In Mannheim, Mozart was often at the home of Christian Cannabich, whose young daughter Rosa became his student. Mozart wrote the middle movement of K. 309 as a portrait of Rosa Cannabich. It is a tender Andante, in which the theme returns, ever more embellished. Here one notices that the original motive seems to say:

(But I may be reading this in.)

Mozart wrote to his father (Nov. 14th to 16th, 1777): “Three days ago, I began teaching Mlle Rose… We finished the first Allegro today. We shall have most trouble with the Andante, for it is full of expression and must be played actively with gusto, forte and piano, just as is written.” (The movement is copiously marked with “forte”s and “piano”s which alter with the more and more embellished appearances of the main theme.)

Sonata No. 8 in D Major, K. 311 (1777)

This is the other—and equally brilliant—sonata that Mozart wrote in Mannheim. Mozart counted these two Mannheim sonatas among his most difficult.

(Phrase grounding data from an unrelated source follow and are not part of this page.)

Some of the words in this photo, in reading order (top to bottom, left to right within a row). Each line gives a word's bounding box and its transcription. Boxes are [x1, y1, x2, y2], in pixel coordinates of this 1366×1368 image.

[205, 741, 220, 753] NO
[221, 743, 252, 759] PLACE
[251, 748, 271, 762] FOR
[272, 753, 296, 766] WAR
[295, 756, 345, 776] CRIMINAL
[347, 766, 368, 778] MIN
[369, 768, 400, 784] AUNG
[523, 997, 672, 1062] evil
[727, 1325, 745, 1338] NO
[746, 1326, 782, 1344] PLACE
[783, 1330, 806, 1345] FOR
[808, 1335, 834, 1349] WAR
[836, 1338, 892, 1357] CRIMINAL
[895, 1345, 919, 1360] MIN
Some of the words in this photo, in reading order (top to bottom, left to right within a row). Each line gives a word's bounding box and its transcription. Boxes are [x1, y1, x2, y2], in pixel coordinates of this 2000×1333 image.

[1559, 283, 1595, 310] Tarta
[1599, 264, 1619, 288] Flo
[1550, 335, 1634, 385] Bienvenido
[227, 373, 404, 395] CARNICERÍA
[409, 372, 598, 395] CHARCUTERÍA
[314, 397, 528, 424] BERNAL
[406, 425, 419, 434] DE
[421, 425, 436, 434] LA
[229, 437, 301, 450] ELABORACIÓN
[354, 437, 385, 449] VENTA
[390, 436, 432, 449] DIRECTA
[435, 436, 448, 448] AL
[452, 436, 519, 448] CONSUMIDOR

In the first movement, the first theme is avoided at the beginning of the recapitulation, to occur emphatically and wittily at the end of the movement, completing what was missing. The Andante is shorter and of a more innocent character than in K. 309 (some commentators have wondered if this could be Rosa Cannabich!) The outer movements, as in K. 309, display the newly brilliant use of the keyboard, including its middle register, well beyond that of the earlier sonatas; moreover, the left hand is a still more active partner to the right, less the accompanist.

Sonata No. 9 in A Minor, K. 310 (1778)

“Que s’est-il donc passé?”—what in the world happened? asks Saint-Foix of this A-Minor Sonata. He is witnessing its uniqueness. Perhaps “Minor” is the first clue; relatively few of Mozart’s works are in minor key—and only two of his nineteen piano sonatas.

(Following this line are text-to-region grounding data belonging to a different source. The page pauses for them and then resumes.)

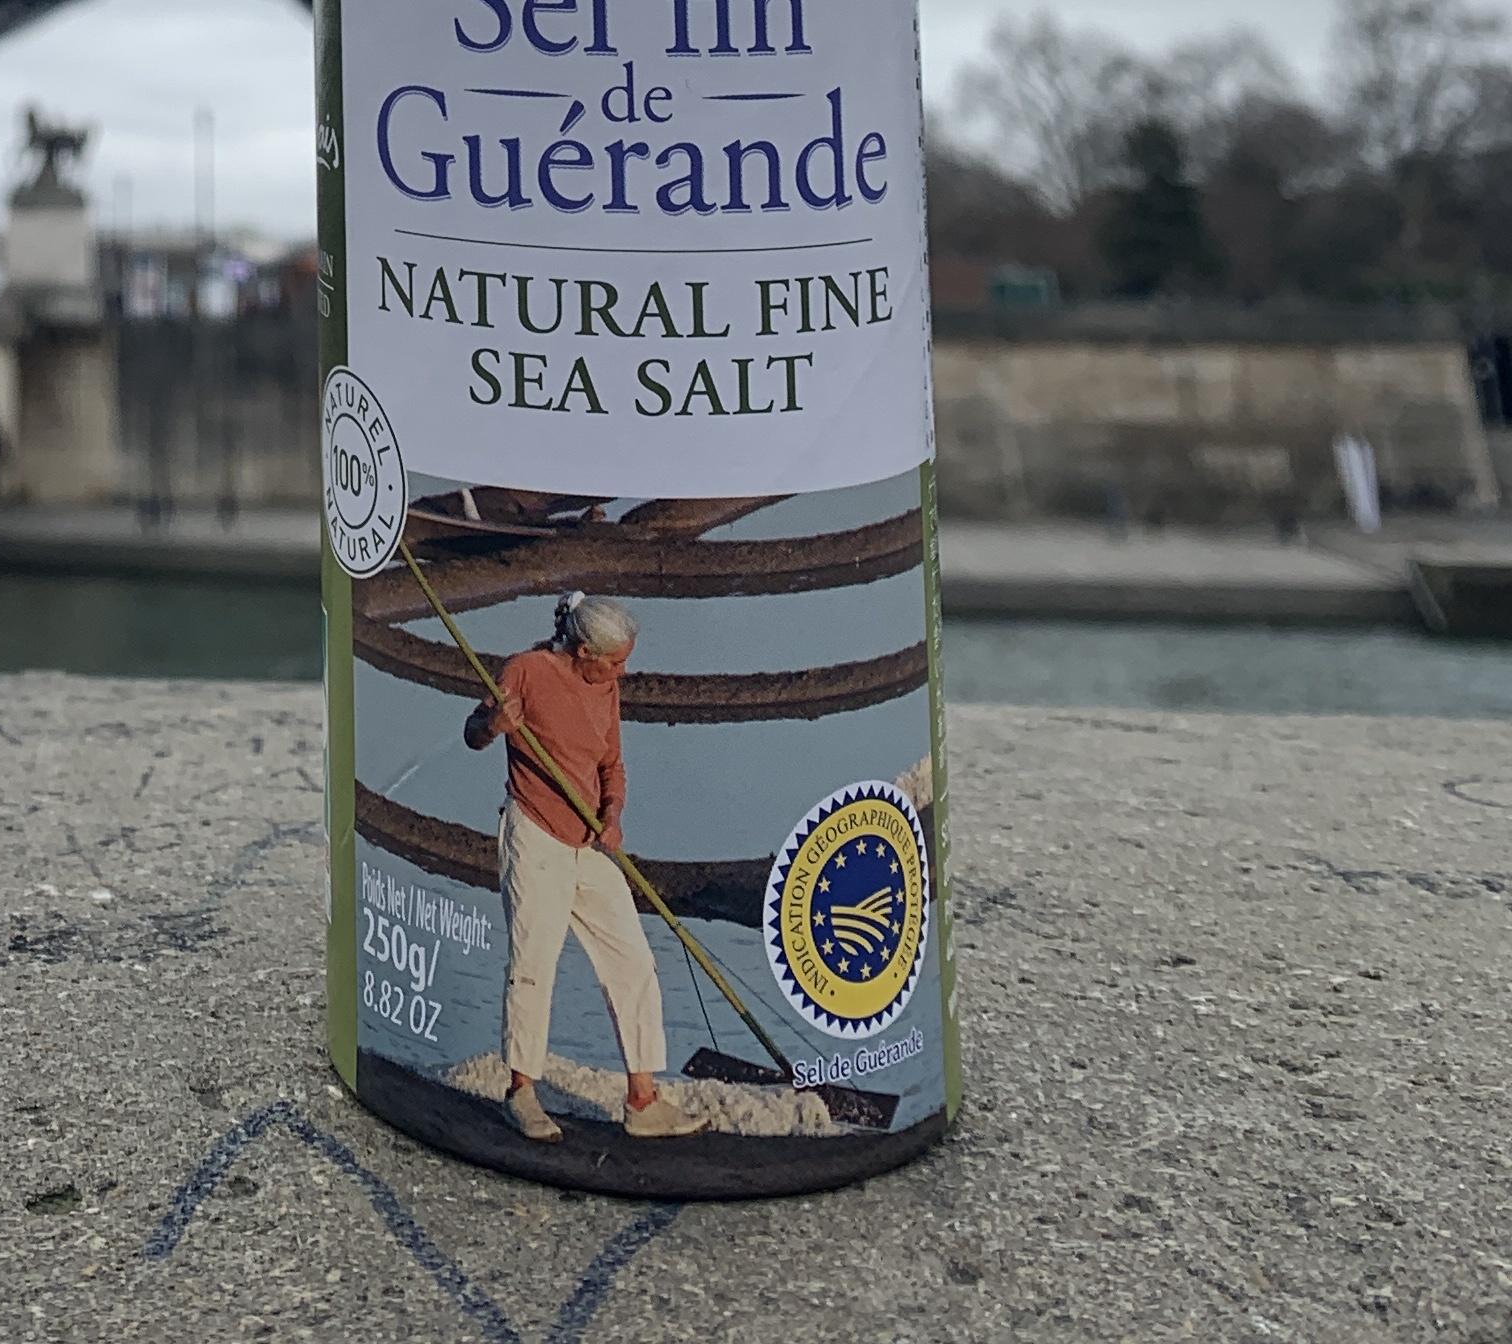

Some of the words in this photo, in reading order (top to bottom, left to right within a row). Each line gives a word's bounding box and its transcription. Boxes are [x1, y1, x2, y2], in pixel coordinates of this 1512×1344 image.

[601, 60, 673, 124] de
[376, 84, 888, 216] Guérande
[376, 255, 731, 338] NATURAL
[754, 266, 893, 337] FINE
[469, 348, 609, 415] SEA
[634, 351, 814, 417] SALT
[325, 382, 391, 466] NATUREL
[333, 444, 375, 497] 100%
[326, 487, 395, 562] NATURAL
[806, 808, 912, 865] GÉOGRAPHIQUE
[362, 861, 386, 912] Poids
[387, 874, 406, 922] Net
[407, 885, 415, 927] /
[415, 888, 438, 934] Net
[439, 896, 492, 956] Weight:
[788, 867, 829, 995] INDICATION
[363, 970, 404, 1026] 8.82
[409, 994, 443, 1043] OZ
[794, 1057, 824, 1087] Sel
[830, 1055, 851, 1080] de
[855, 1028, 923, 1074] Guérande

We know that this work came out of the miserable summer of 1778. Mozart had journeyed to Paris, accompanied only by his mother. He wrote: “You have no idea what a dreadful time I am having here. Everything goes so slowly, and until one is well known—nothing can be done in the matter of composition.” And again (May 29th, 1778) to his father: “I am tolerably well, thank God, but my life often seems to be without rhyme or reason. I am neither hot nor cold—and take little joy in anything.” In Paris, Mozart was unhappily separated from Mannheim’s Aloysia Weber, with whom he was intensely in love. The Parisian nobility—the patrons he hoped for—ignored him utterly, as did musicians. Then, on July 3rd, Mozart’s mother—ill for only three weeks—died.

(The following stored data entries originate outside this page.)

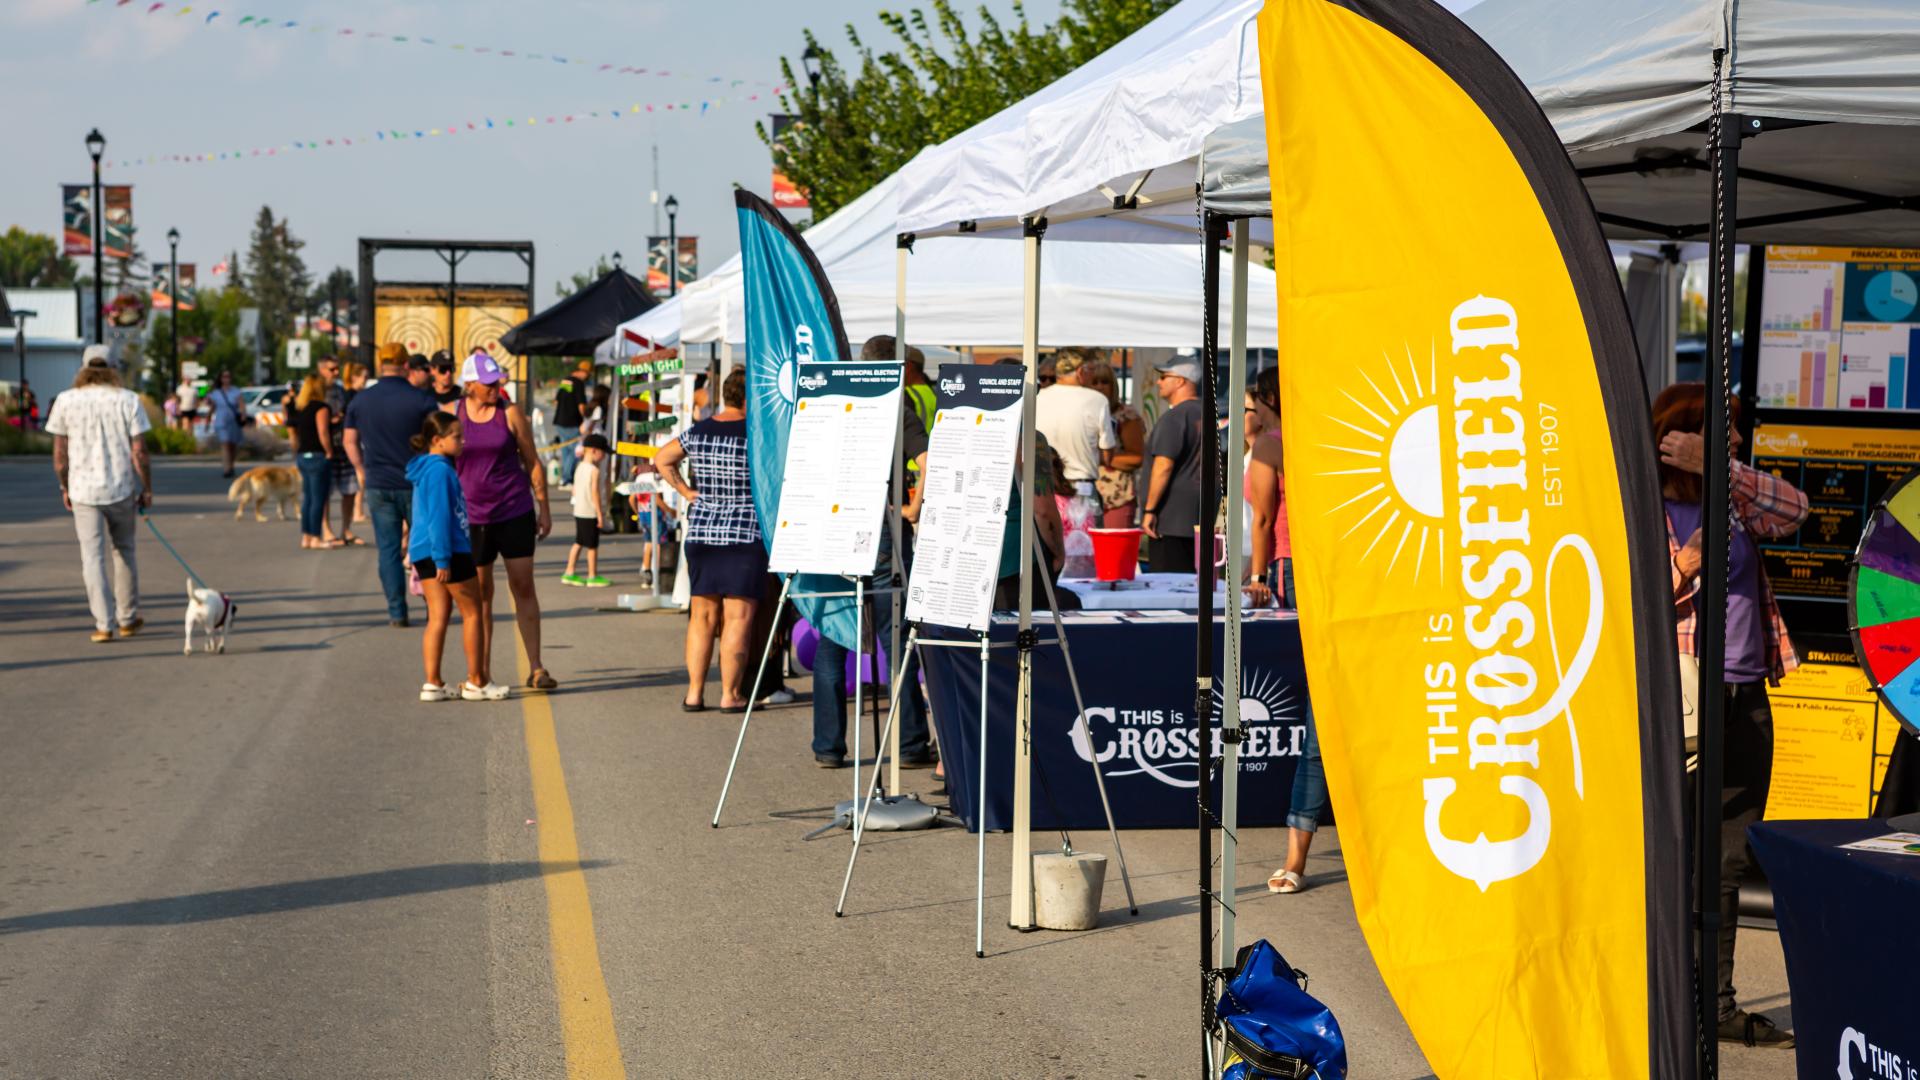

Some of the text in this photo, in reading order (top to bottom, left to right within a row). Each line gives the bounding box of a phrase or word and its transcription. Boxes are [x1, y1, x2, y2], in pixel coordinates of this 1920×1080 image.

[874, 368, 899, 376] ELECTION
[979, 378, 997, 386] COUNCIL
[1007, 379, 1022, 387] STAFF
[1539, 402, 1563, 507] EST 1907
[1802, 448, 1856, 457] COMMUNITY
[1807, 651, 1856, 663] STRATEGIC
[1423, 613, 1458, 765] THIS is
[1120, 709, 1184, 725] THIS is
[1245, 762, 1268, 772] 1907
[1868, 1043, 1903, 1080] THIS

Something like the majestic, (“maestoso”) agitation of the first movement seems to occur again in the middle section of the large-scale Andante. The shadowy Presto is as if endlessly searching; its little section in A major is like an echo or vision of what might have been.

One could not have predicted or imagined this sonata either from Mozart’s previous work or out of the course of music history.